Ahora bien, el ministro de Educación de la Nación, Jaime Perczyk, extendió la consideración sobre las causas de estos malos resultados más allá de las restricciones impuestas por la pandemia: “Esas dificultades las teníamos antes. Son consecuencia de la pandemia, pero tienen antecedentes. Venimos de cuatro años de desfinanciamiento del sistema educativo, las pruebas Erce de 2019 ya lo anticiparon”. Cabe adosar, en este sentido, lo expresado por Silvina Marsimian, reconocida docente de literatura, porque fue más allá: “Pruebas Aprender: deterioro significativo en comprensión de textos. Sin duda, el cierre de escuelas contribuyó. Pero la caída en la calidad en los procesos de lectura, comprensión y producción textual en la escuela es larga y sostenida”.
Larga y sostenida, en efecto. Pero ¿qué tan larga? ¿Qué tan sostenida? ¿Hasta dónde es preciso retroceder y recapitular para empezar a subsanar eso que tanto se dañó? Sabiendo, como sabemos, que si algo se hizo bien en la maltrecha historia argentina, si algo resultó realmente bien entre nosotros, eso fue la construcción de un sistema educativo (la prueba está en lo que resiste, en lo que todavía resiste).
Supongo que, puestos a revisar retroactivamente, habrá que ir cuanto menos hasta la reforma educativa producida durante el gobierno menemista. Y oponerle, por caso, un proyecto tan valioso como El Lecturón de Maite Alvarado (mi vecino de sección, el profesor Daniel Link, tiene mucho más que yo para aportar sobre este punto). Remitirse por ejemplo a los trabajos de Gustavo Bombini. Considerar las discusiones que, para el acuerdo o el desacuerdo, plantean Helena Rovner y Eugenio Monjeau en La mala educación o Gonzalo Santos en Enseñar en tiempos de hashtags. Y leer una y otra vez esa prodigiosa historia que escribió Laura Ramos en Las señoritas, la historia de algunas de las maestras que trajo al país Domingo Sarmiento.

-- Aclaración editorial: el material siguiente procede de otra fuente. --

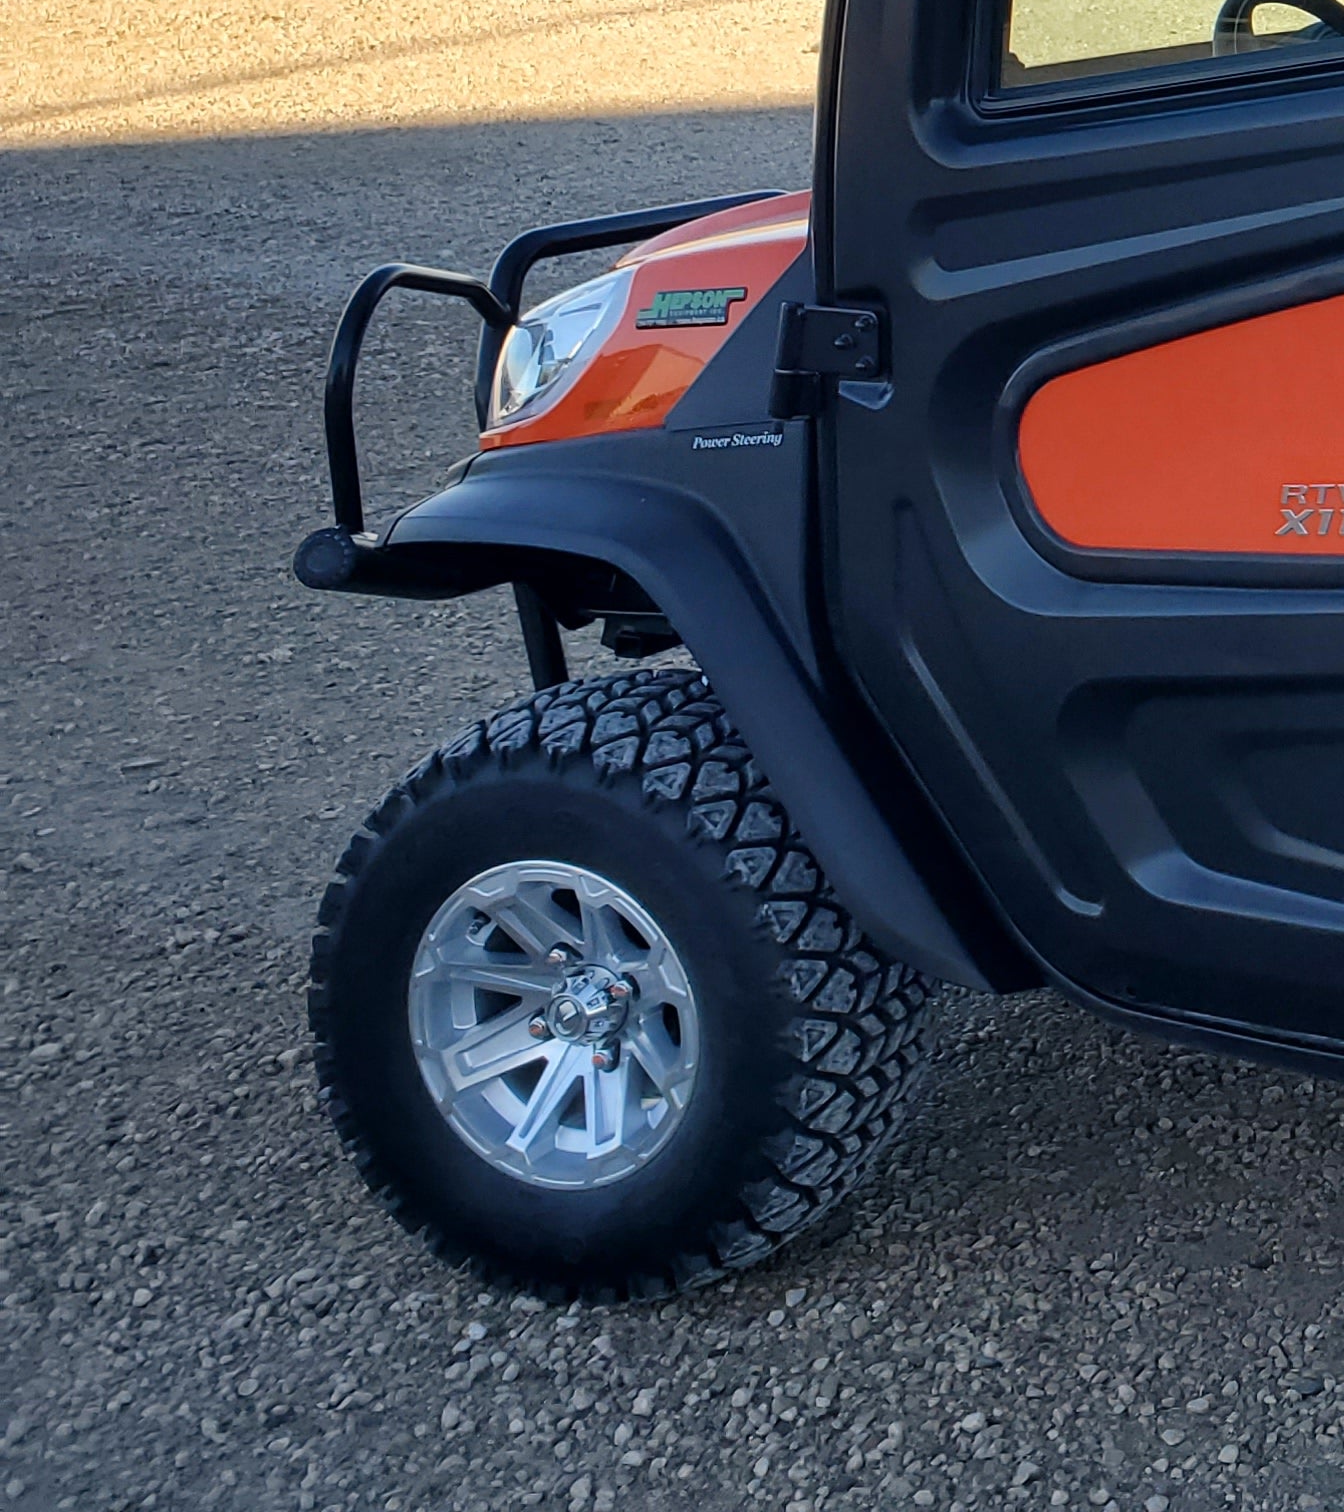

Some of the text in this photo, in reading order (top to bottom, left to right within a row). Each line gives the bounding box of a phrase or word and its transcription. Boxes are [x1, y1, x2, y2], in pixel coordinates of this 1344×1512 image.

[637, 289, 745, 319] HEPSON
[692, 431, 783, 449] Power Steering
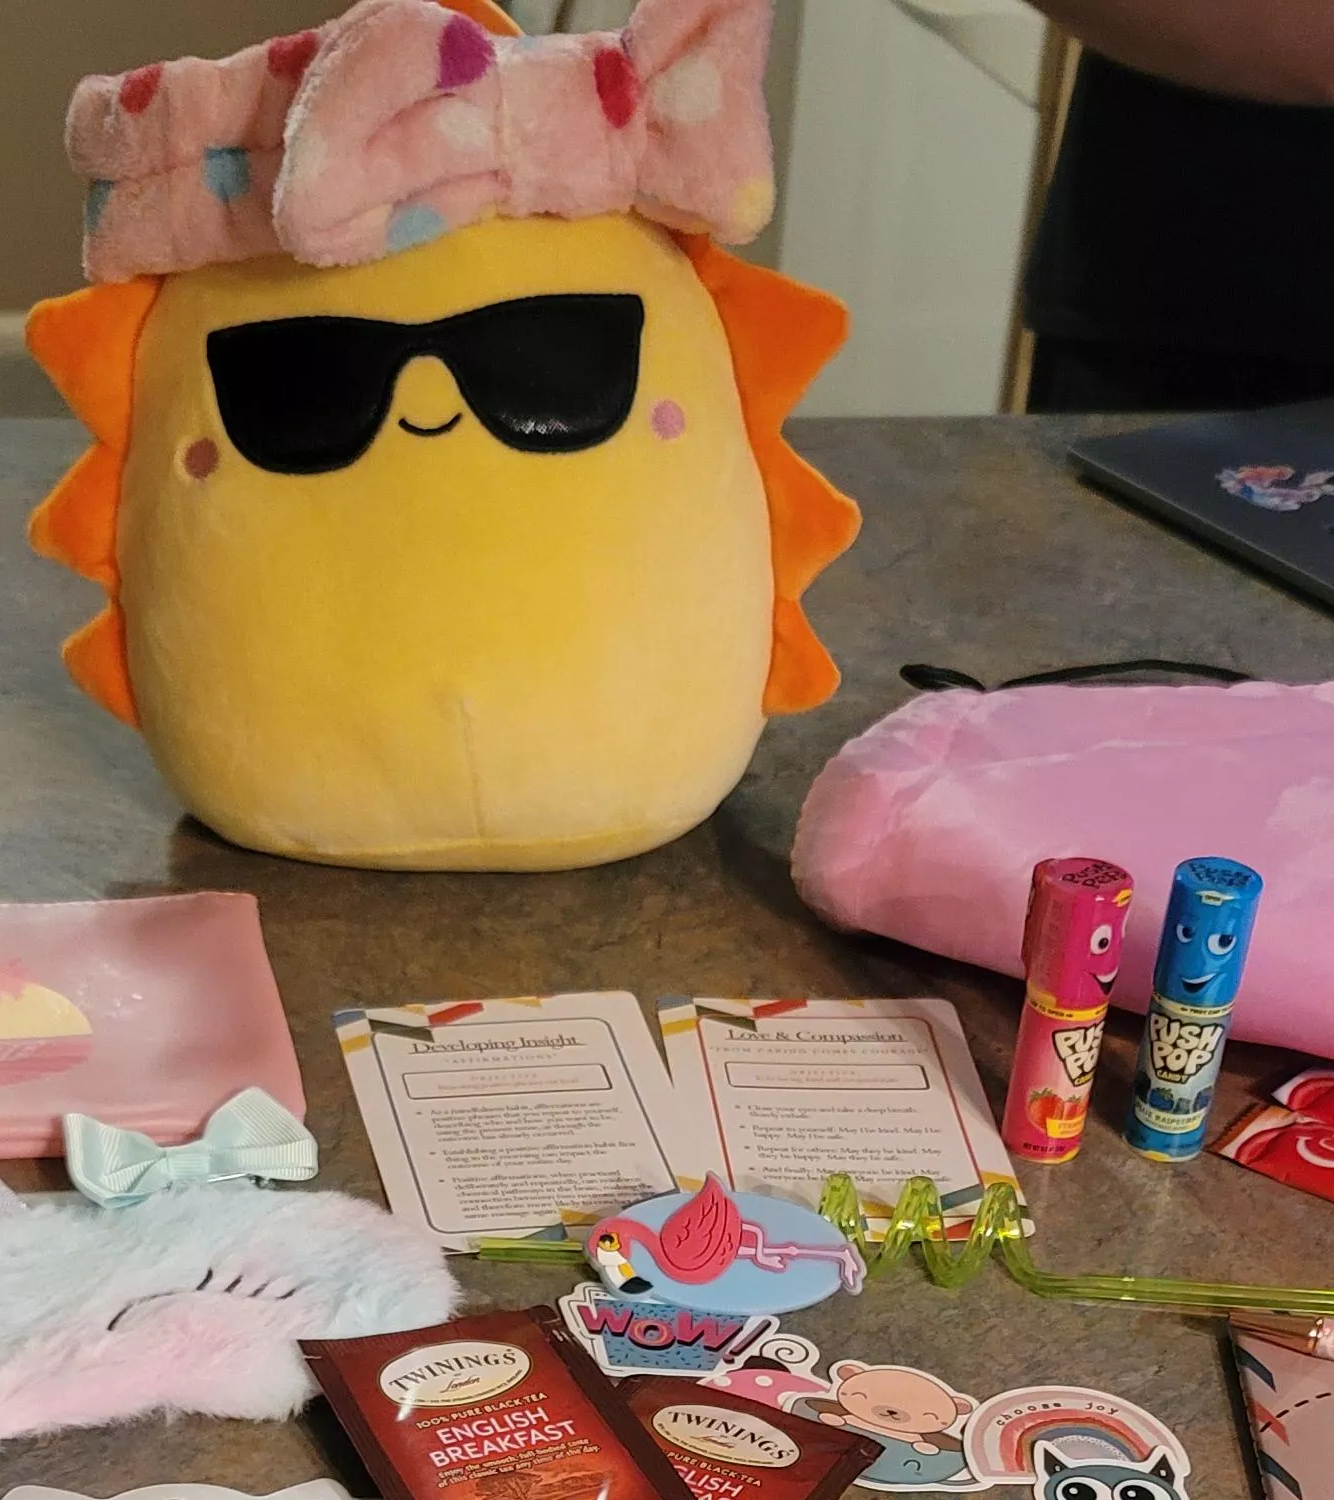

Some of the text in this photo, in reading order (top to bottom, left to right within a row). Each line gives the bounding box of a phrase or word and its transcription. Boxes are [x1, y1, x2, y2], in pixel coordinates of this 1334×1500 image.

[413, 1033, 578, 1055] Developing Insight
[726, 1028, 904, 1044] Love & Compassion
[1150, 1013, 1225, 1052] PUSH
[1153, 1040, 1213, 1076] POP
[575, 1302, 772, 1365] WOW!
[388, 1352, 517, 1392] TWININGS
[439, 1375, 481, 1394] London
[416, 1391, 548, 1430] 100% PURE BLACK TEA
[435, 1406, 550, 1446] ENGLISH
[995, 1402, 1122, 1427] choose joy
[428, 1420, 578, 1468] BREAKFAST
[667, 1410, 791, 1461] TWININGS
[437, 1467, 465, 1480] Enjoy
[465, 1462, 481, 1474] the
[567, 1437, 590, 1448] taste
[437, 1479, 449, 1489] of
[449, 1475, 468, 1485] this
[468, 1467, 499, 1480] classic
[499, 1464, 516, 1474] tea
[515, 1459, 533, 1473] any
[532, 1455, 553, 1466] time
[554, 1451, 565, 1461] of
[565, 1447, 582, 1458] the
[667, 1450, 763, 1488] PURE BLACK TEA
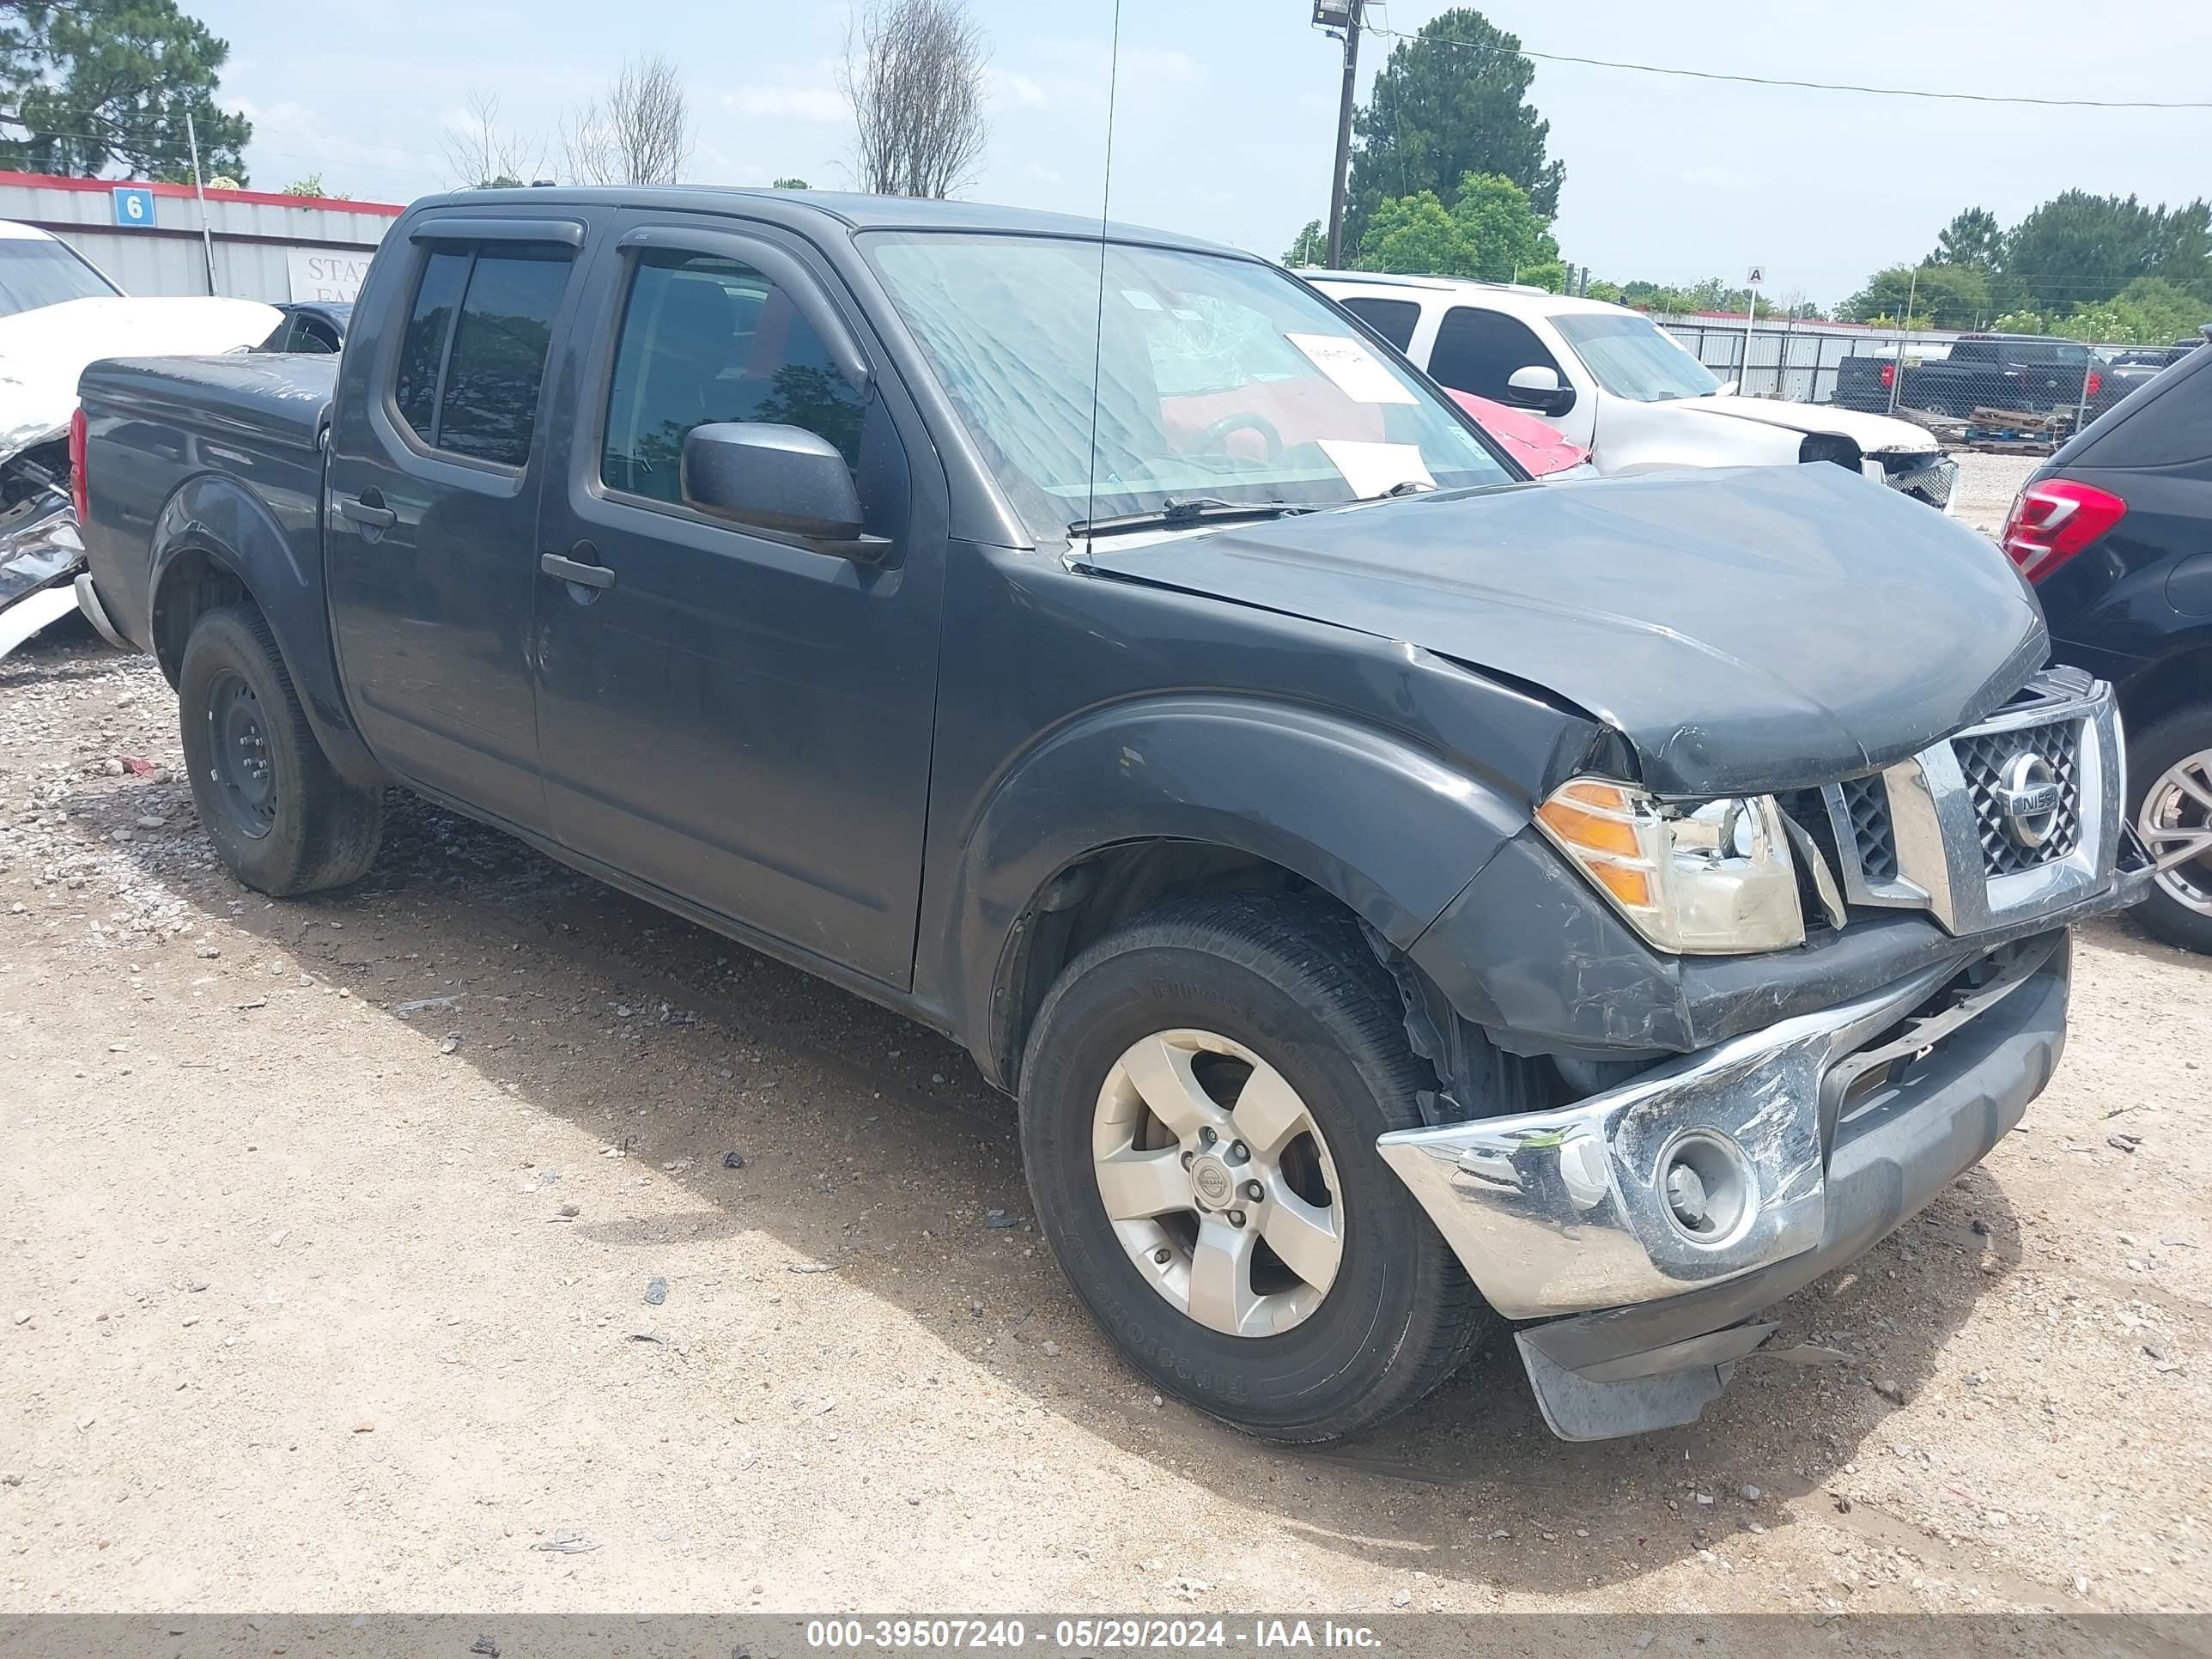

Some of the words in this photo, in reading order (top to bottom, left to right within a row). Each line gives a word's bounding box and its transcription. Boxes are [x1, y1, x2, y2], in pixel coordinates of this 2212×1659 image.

[126, 195, 143, 219] 6
[1750, 269, 1761, 281] A
[2022, 792, 2058, 811] NISSA

Los chicos del primario son los que pasan por las evaluaciones y suministran estadísticas precisas a la preocupación general por el estado de la educación. Pero puestos a ampliar el foco sobre este problema, ya no en el tiempo, sino en el espacio social, hay indicios elocuentes de que las dificultades para la lectura comprensiva de textos están bastante más extendidas que los sextos grados de las escuelas. Detenerse en los textos expositivos, destacar sus ideas principales, seguir el hilo de su argumentación, rebatir sus eventuales hipótesis, o entablar los pactos específicos de las lecturas de ficción, asumir la distinción entre autor y narrador, reconocer los procedimientos que son propios de la parodia, etc.: de todo esto se habla cuando se habla de que hay problemas en la comprensión de textos.
Lo menciono por si es genuina esa preocupación que tanto se proclama. Si me equivoco, si no lo es, si se dice para especular o para sacar ventaja o simplemente porque es lo que hay que decir, entonces el panorama luce distinto. Hoy por hoy la escena pública vira considerablemente hacia el registro de los desencajados que vociferan agravios en bramidos o en doscientos ochenta caracteres. Para ese estado de cosas, comprender textos no sería necesario, ni tampoco sería necesario leerlos.